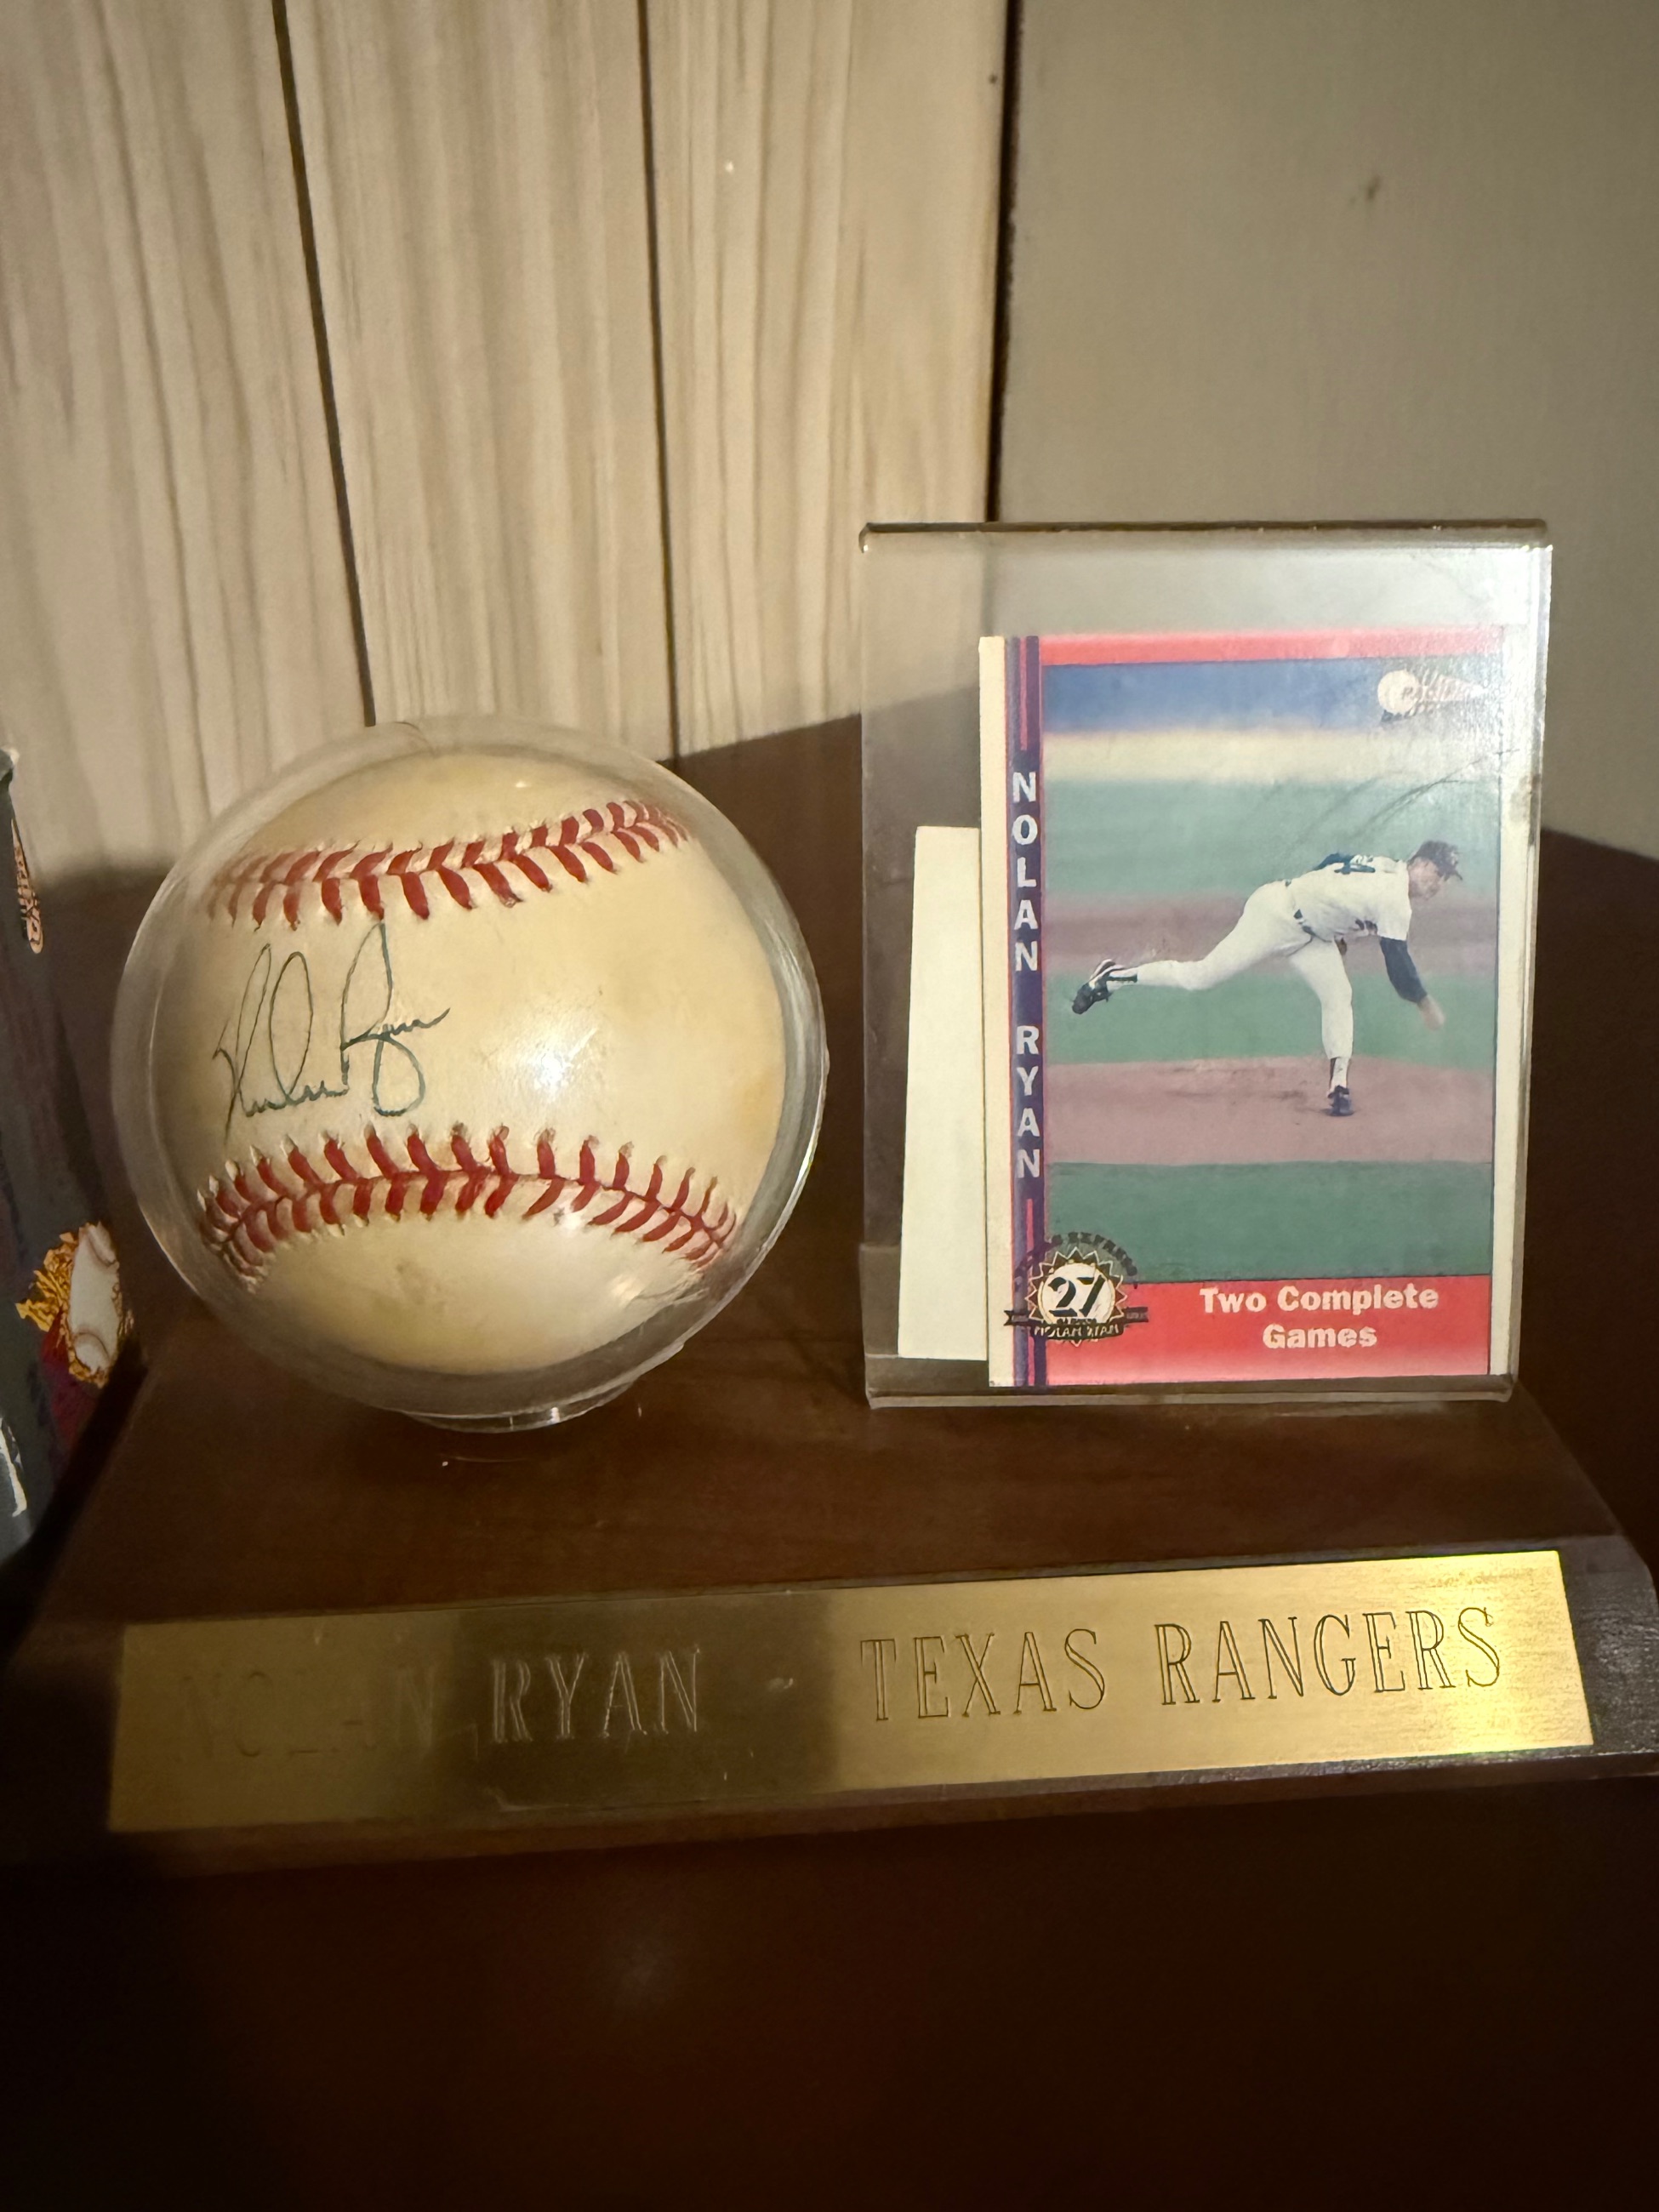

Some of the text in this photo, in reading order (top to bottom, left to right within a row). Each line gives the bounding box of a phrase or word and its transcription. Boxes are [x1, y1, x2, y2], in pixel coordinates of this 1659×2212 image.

[1011, 771, 1041, 1178] NOLAN RYAN
[1047, 1274, 1106, 1318] 27
[1199, 1282, 1440, 1315] Two Complete
[1262, 1323, 1378, 1349] Games
[490, 1642, 701, 1742] RYAN
[859, 1628, 1106, 1721] TEXAS
[1154, 1606, 1501, 1706] RANGERS

┄┄┄┄┄┄┄┄┄┄

● What you need to do:
Retype all the records exactly and keep out every picture.

● Solution to this task:
Some of the text in this photo, in reading order (top to bottom, left to right within a row). Each line gives the bounding box of a phrase or word and its transcription. Boxes are [x1, y1, x2, y2], in pixel coordinates of this 1659×2212 image.

[1011, 771, 1041, 1178] NOLAN RYAN
[1047, 1274, 1106, 1318] 27
[1199, 1282, 1440, 1315] Two Complete
[1262, 1323, 1378, 1349] Games
[490, 1642, 701, 1742] RYAN
[859, 1628, 1106, 1721] TEXAS
[1154, 1606, 1501, 1706] RANGERS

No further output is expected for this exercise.